Jordan tried a different move.
“So, remember what I said early on, I talked about this fairness concept. I agree, the way the (tax) code is now, it’s so cumbersome, so ridiculous, that it winds up being unfair,” he said. “Let’s get rid of all of the stuff, but let’s lower the rate.”
The tired talking point of “cut taxes and regulations and poof – jobs” just isn’t working for Rep. Jordan. 10 years of Bush tax cuts and unemployment has still climbed. Tax bills in 2009 were at the lowest level since 1950 and were extended during the late fight on the budget in Decemeber 2010 and still no jobs.
Removing the banking regulations in the 1990’s led to the collapse and bail outs of the banks in 2008-2009. Still no jobs
No demand means no jobs – no jobs means no demand. It’s simple math.
What Jordan really means is that big business is waiting for a GOP victory in 2012 by failing to help the country now with the assist of the obstructionist Republicans. Selling out America for political points seems to be the real plan for Rep. Jim Jordan
Economist Paul Krugman wrote:
What should be happening? The answer is that we need a major push to get the economy moving, not at some future date, but right now. For the time being we need more, not less, government spending, supported by aggressively expansionary policies from the Federal Reserve and its counterparts abroad. And it’s not just pointy-headed economists saying this; business leaders like Google’s Eric Schmidt are saying the same thing, and the bond market, by buying U.S. debt at such low interest rates, is in effect pleading for a more expansionary policy.
And to be fair, some policy players seem to get it. President Obama’s new jobs plan is a step in the right direction, while some board members of the Federal Reserve and the Bank of England — though not, sad to say, the European Central Bank — have been calling for much more growth-oriented policies.
Cheap labor conservatives like Rep. Jim Jordan, patriots in their own mind, are doing LONG TERM damage to this country.
People need to wake up.
Just saw this today on ThinkProgress. It disproves Rep.
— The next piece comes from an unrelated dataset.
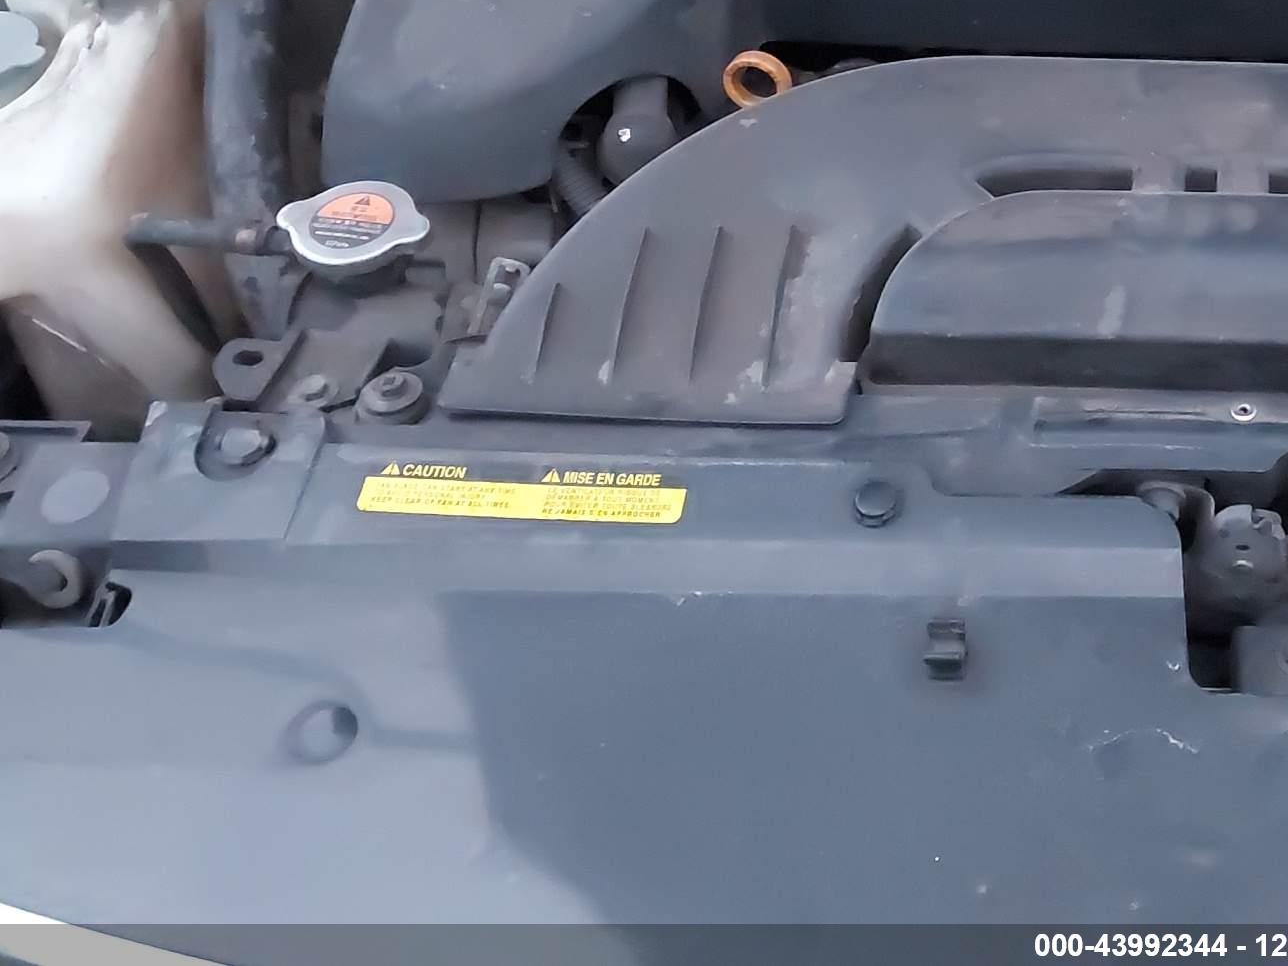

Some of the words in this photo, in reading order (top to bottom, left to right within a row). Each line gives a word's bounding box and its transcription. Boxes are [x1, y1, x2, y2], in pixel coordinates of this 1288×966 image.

[402, 463, 467, 479] CAUTION
[563, 471, 595, 484] MISE
[595, 472, 615, 485] EN
[616, 473, 662, 487] GARDE
Jim Jordan’s tired “tax cuts creates jobs” talking point – again:
A quick review of the math, however, hollows out what’s left of this GOP talking point. The Center for American Progress’ Michael Linden noted that “in the past 60 years, job growth has actually been greater in years when the top income tax rate was much higher than it is now.” He points out that while the top five years of job growth “boast marginal tax rates at 70 percent or higher,” the two worst years were 2008 and 2009 “when the top marginal tax rate was 35 percent.” In fact, “in the 13 years that the top marginal tax rate has been at its current level or lower, only one year even cracks the top 20 in overall job creation.”